Everything in the listing should be transcribed exactly, apart from the pictures.
Start of RAW DATA
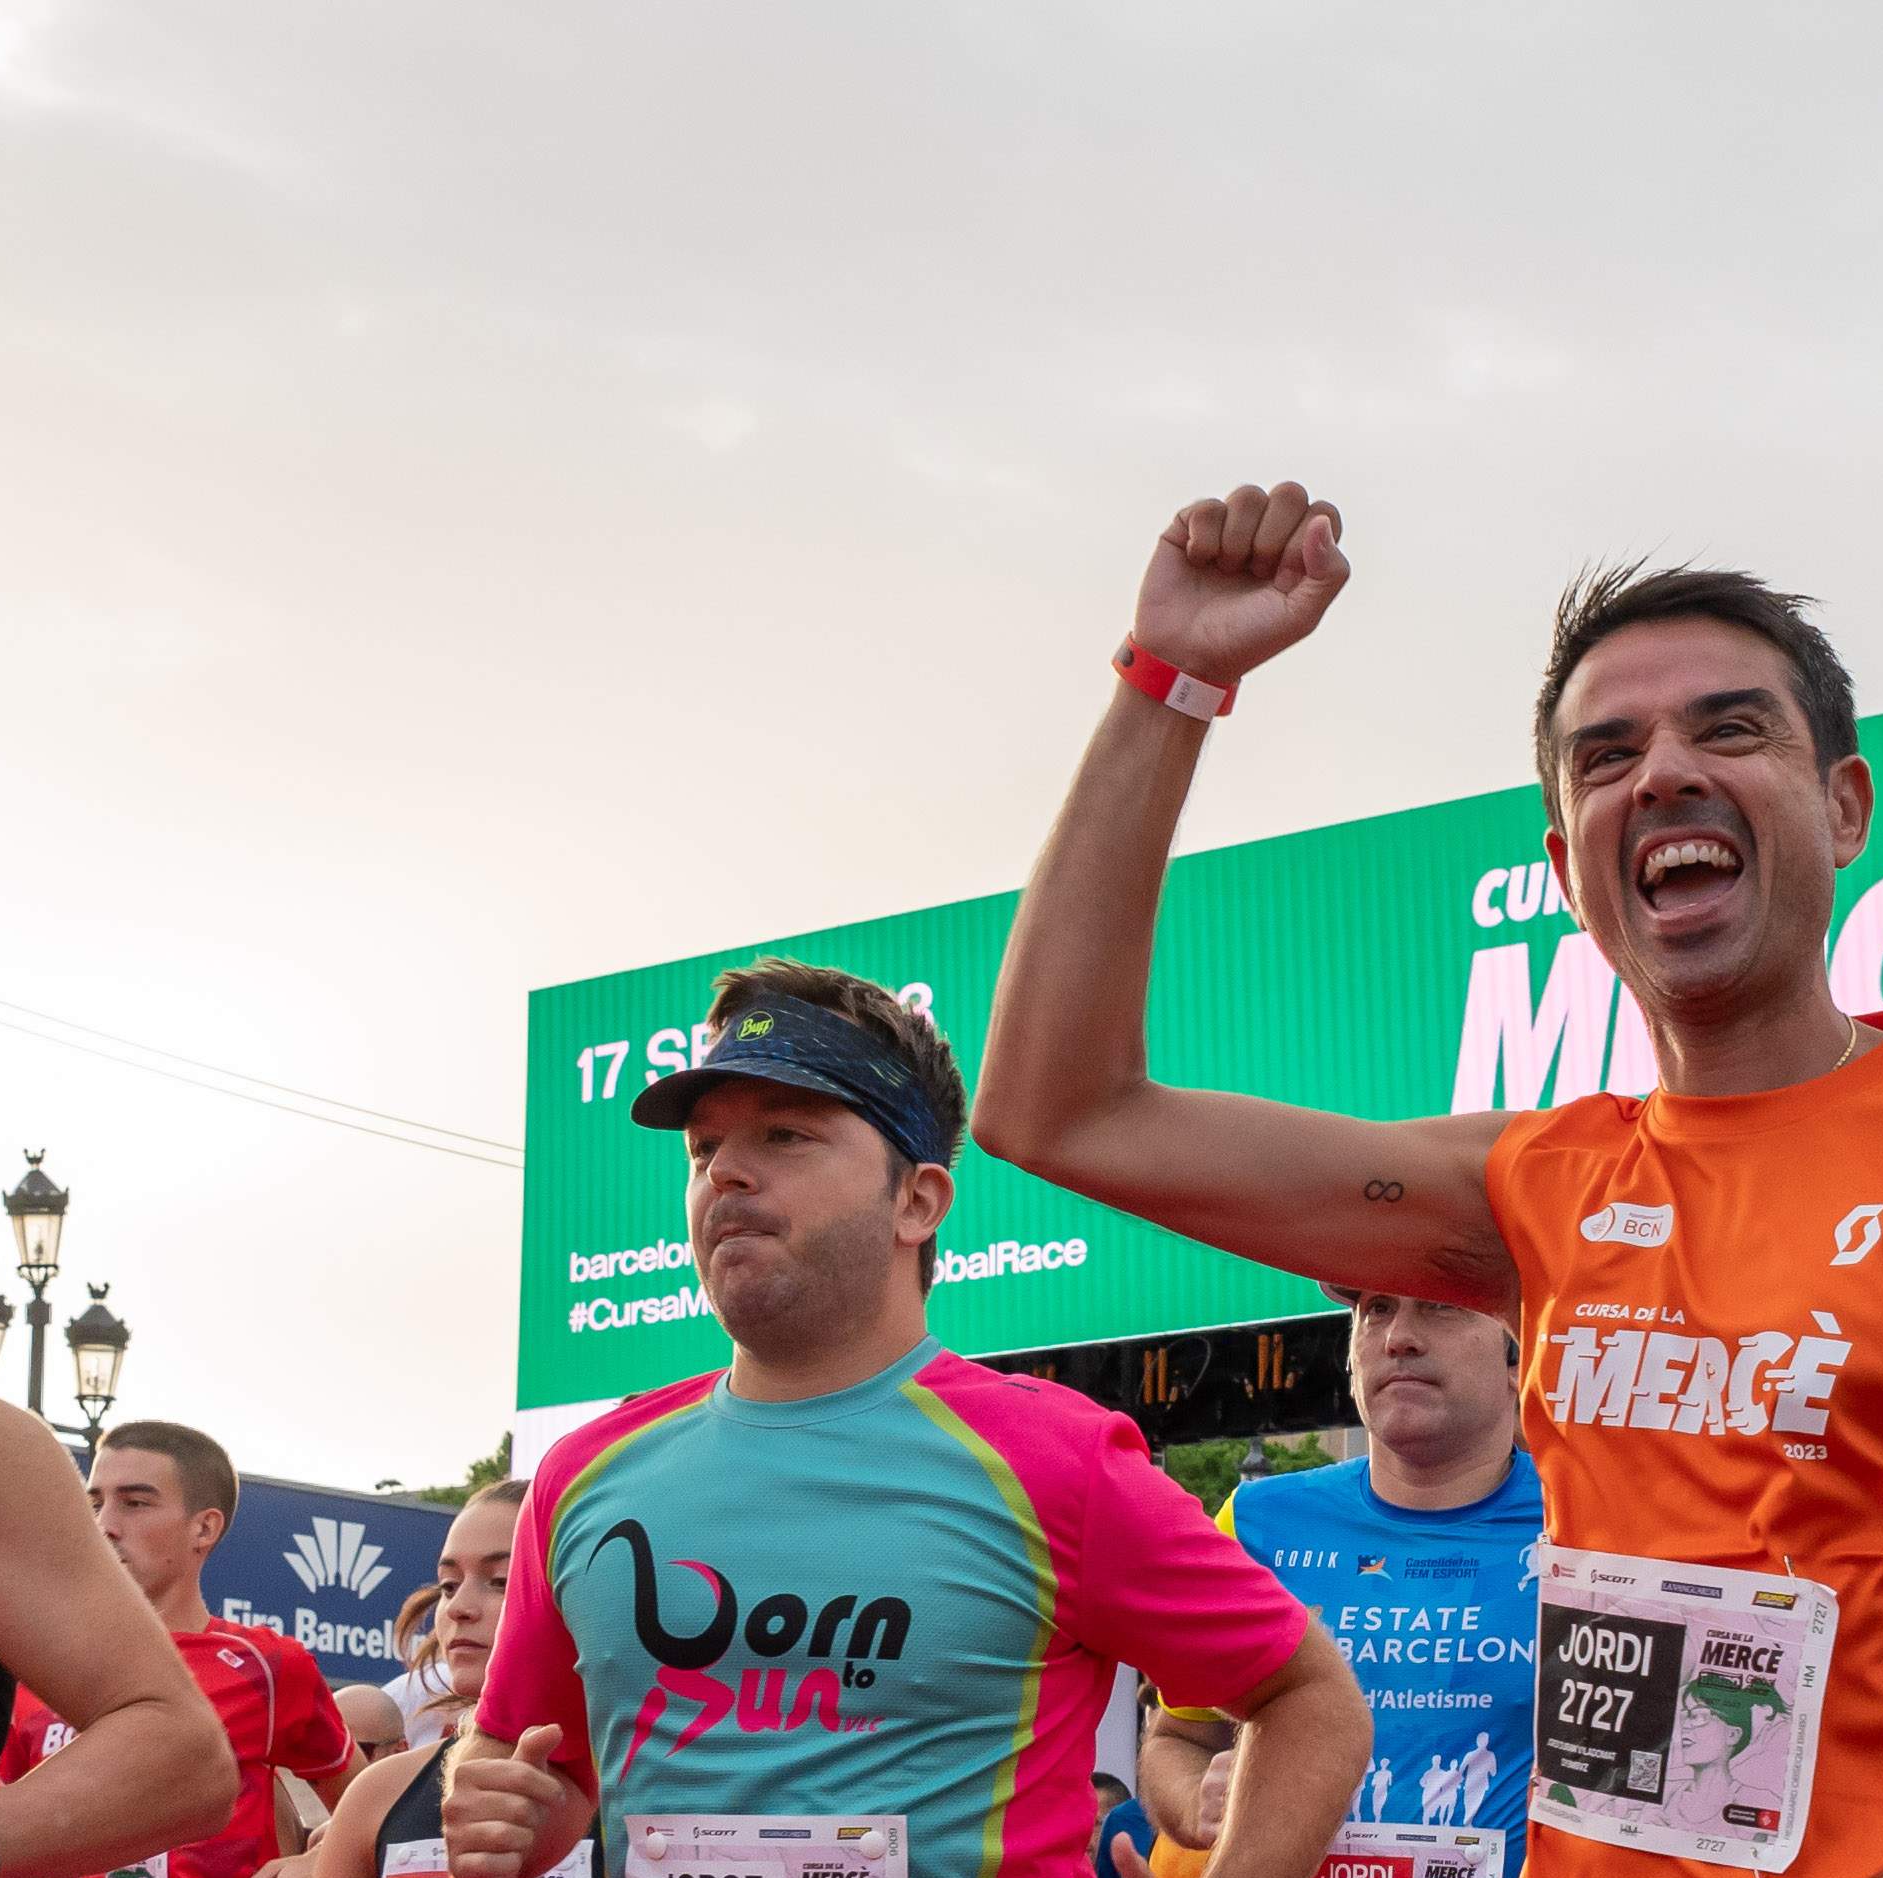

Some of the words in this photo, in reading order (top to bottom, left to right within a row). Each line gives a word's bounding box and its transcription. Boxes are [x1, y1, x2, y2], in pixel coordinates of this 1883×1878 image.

[577, 1040, 631, 1104] 17
[1623, 1219, 1663, 1238] BCN
[1575, 1303, 1629, 1319] CURSA
[1635, 1306, 1656, 1321] DE
[1661, 1307, 1686, 1325] LA
[1546, 1310, 1854, 1436] MERCÈ
[1782, 1443, 1828, 1461] 2023
[1274, 1549, 1339, 1569] GOBIK
[1339, 1606, 1481, 1632] ESTATE
[1811, 1601, 1829, 1636] 2727
[1558, 1623, 1654, 1677] JORDI
[1699, 1639, 1786, 1675] MERCÈ
[843, 1660, 876, 1689] to
[1800, 1664, 1817, 1689] HM
[1558, 1678, 1635, 1733] 2727
[1696, 1837, 1726, 1853] 2727
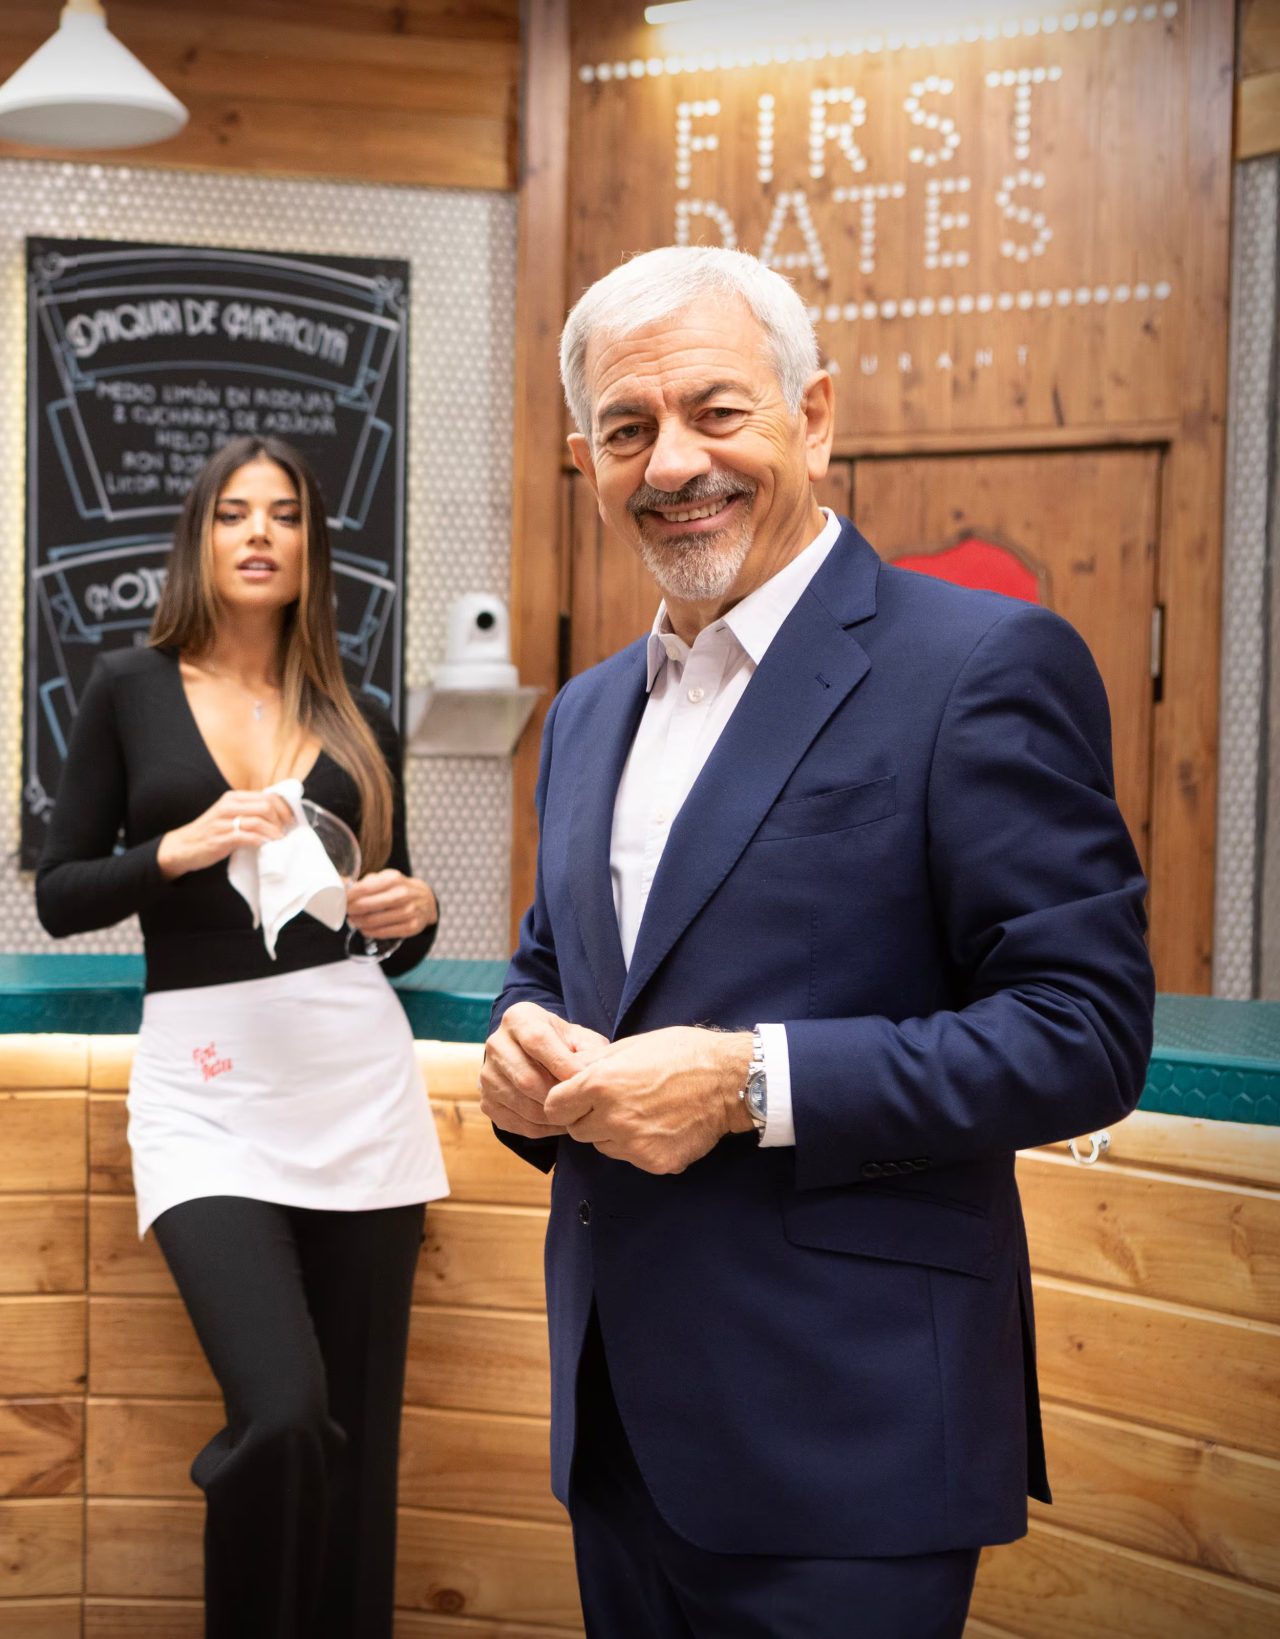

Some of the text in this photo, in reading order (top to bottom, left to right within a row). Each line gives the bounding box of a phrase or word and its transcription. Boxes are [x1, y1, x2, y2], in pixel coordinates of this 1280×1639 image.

[675, 65, 1063, 190] FIRST
[675, 168, 1053, 280] DATES
[183, 298, 219, 336] DE
[96, 382, 156, 404] MEDIO
[225, 385, 251, 408] EN
[233, 409, 257, 431] DE
End of RAW DATA
→ **WRITTEN ANSWER**:
Some of the words in this photo, in reading order (top to bottom, left to right within a row). Each line gives a word's bounding box and its transcription. Boxes are [x1, y1, x2, y2], in pixel coordinates of this 1883×1878 image.

[577, 1040, 631, 1104] 17
[1623, 1219, 1663, 1238] BCN
[1575, 1303, 1629, 1319] CURSA
[1635, 1306, 1656, 1321] DE
[1661, 1307, 1686, 1325] LA
[1546, 1310, 1854, 1436] MERCÈ
[1782, 1443, 1828, 1461] 2023
[1274, 1549, 1339, 1569] GOBIK
[1339, 1606, 1481, 1632] ESTATE
[1811, 1601, 1829, 1636] 2727
[1558, 1623, 1654, 1677] JORDI
[1699, 1639, 1786, 1675] MERCÈ
[843, 1660, 876, 1689] to
[1800, 1664, 1817, 1689] HM
[1558, 1678, 1635, 1733] 2727
[1696, 1837, 1726, 1853] 2727

Some of the text in this photo, in reading order (top to bottom, left to right within a row). Each line gives the bounding box of a phrase or word and its transcription. Boxes are [x1, y1, x2, y2], in pixel coordinates of this 1280×1639 image.

[675, 65, 1063, 190] FIRST
[675, 168, 1053, 280] DATES
[183, 298, 219, 336] DE
[96, 382, 156, 404] MEDIO
[225, 385, 251, 408] EN
[233, 409, 257, 431] DE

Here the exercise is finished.